Hannah Nieves is a dynamic and visionary entrepreneur, leading a revolution in the way women work and live.

As the Founder of HN Haus, a community for 6 to 7-figure founders, This Hudson Studio, a creative rental studio, This Hudson Farm, a Hudson Valley-based family farm celebrating living beautifully, and her newest endeavor, The Haus Social Club, an exclusive network for affluent women founders, she is dedicated to empowering entrepreneurs to create impactful businesses while achieving a balanced and fulfilling lifestyle. She is truly a multidisciplinary founder who has built a collection of brands centered around the concept of redefining the way we work and live. 

Welcome Hannah

You have to make sure that you’re building in time in your calendar, otherwise, it doesn’t happen.

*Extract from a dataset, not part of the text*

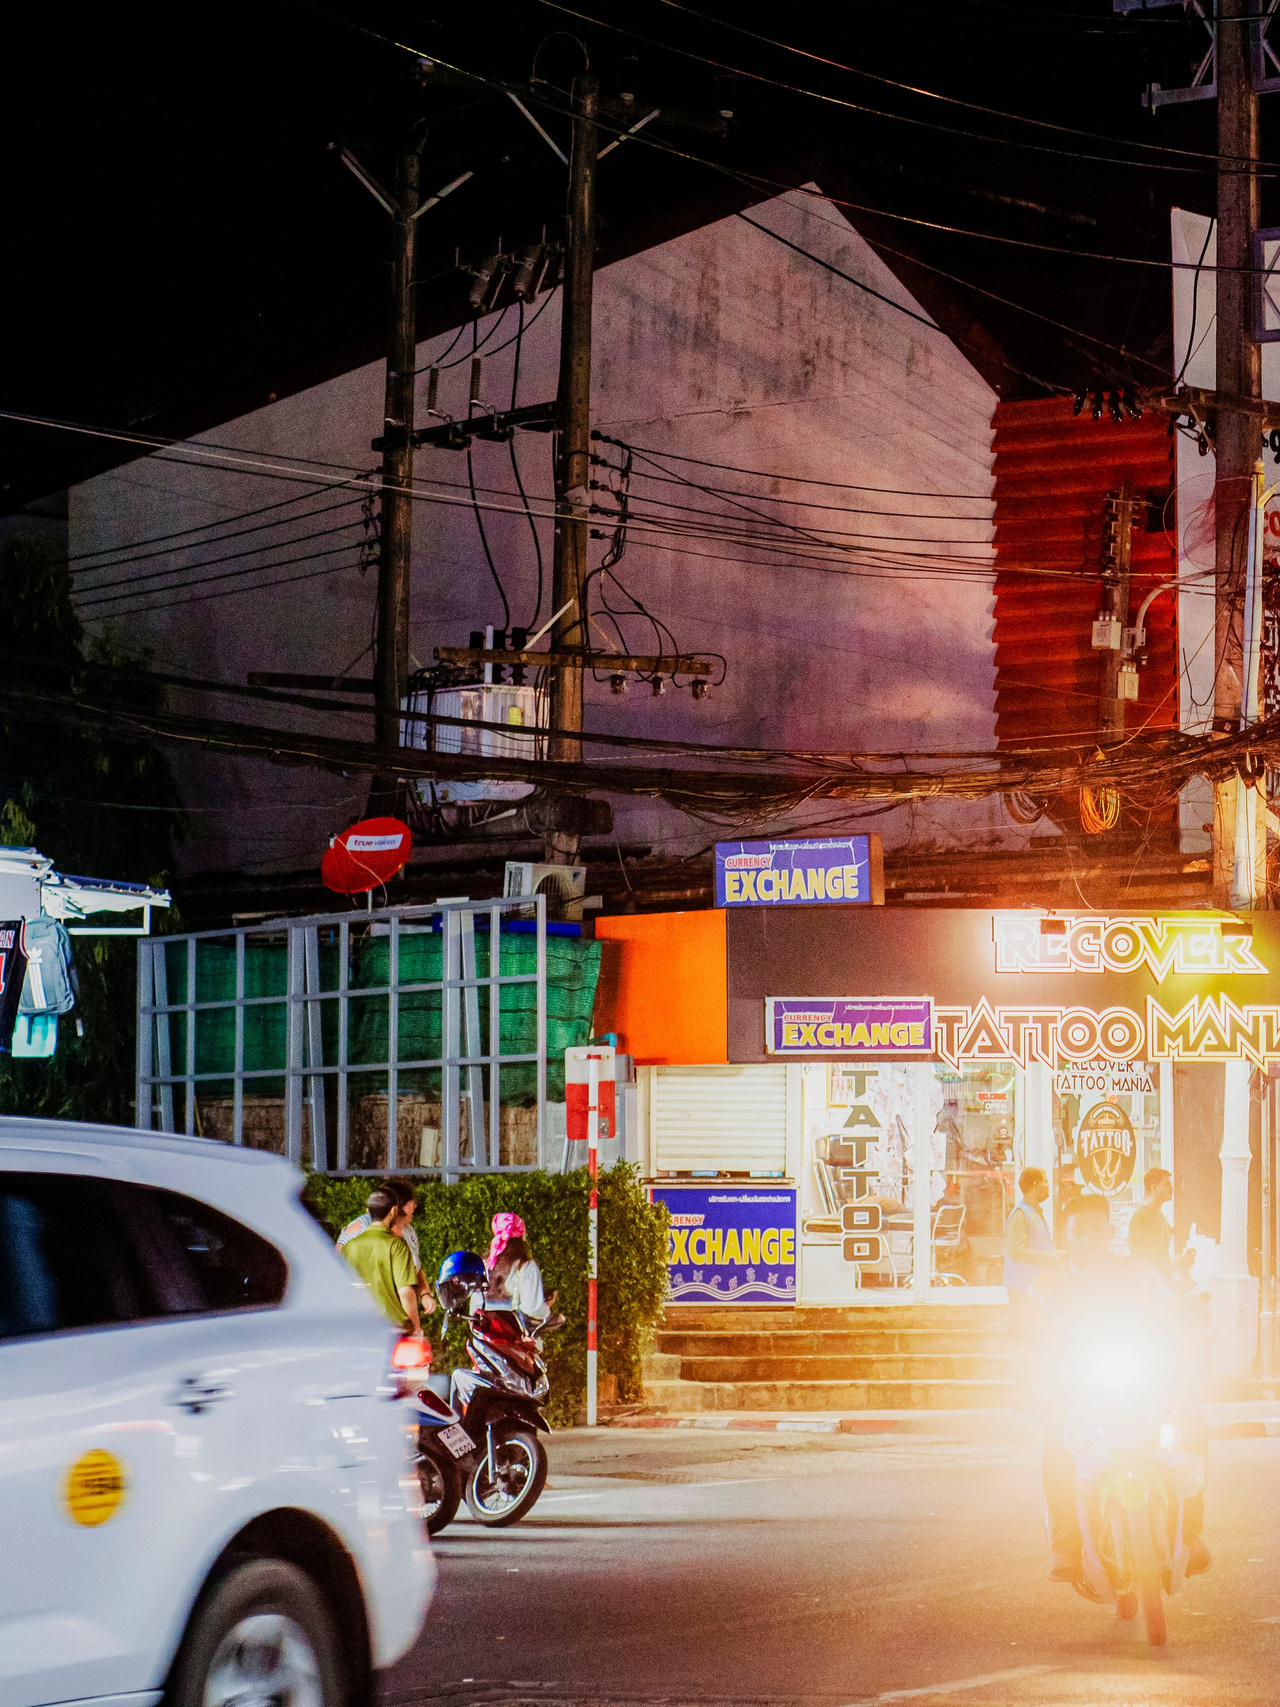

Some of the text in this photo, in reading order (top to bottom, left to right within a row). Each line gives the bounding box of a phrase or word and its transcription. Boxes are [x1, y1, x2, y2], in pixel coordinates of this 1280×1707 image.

Hannah Nieves – Serial Entrepreneur and Founder of the HN Brand Portfolio: A collection of brands dedicated to redefining the way we live and work

Here’s what you can expect to hear in this episode:

  • Hannah’s story of being a serial entrepreneur 
  • What PR is and the different types of content we can use
  • Where to begin and how to pitch yourself 
  • Using AI while keeping brand integrity 
  • How she manages running multiple businesses 

Resources Mentioned In
This Episode

What is your story of how you got started? 

When I first started these companies, I didn’t expect that it was going to be, what I joke are the 59 companies, but it really feels that way. I first started because I actually went into burnout. 

I had extensive corporate experience, climbed the ranks there, and loved what I did, but I just kept getting into the cycle of burnout. And I always knew that entrepreneurship was gonna be something like down the line, what it looked like. 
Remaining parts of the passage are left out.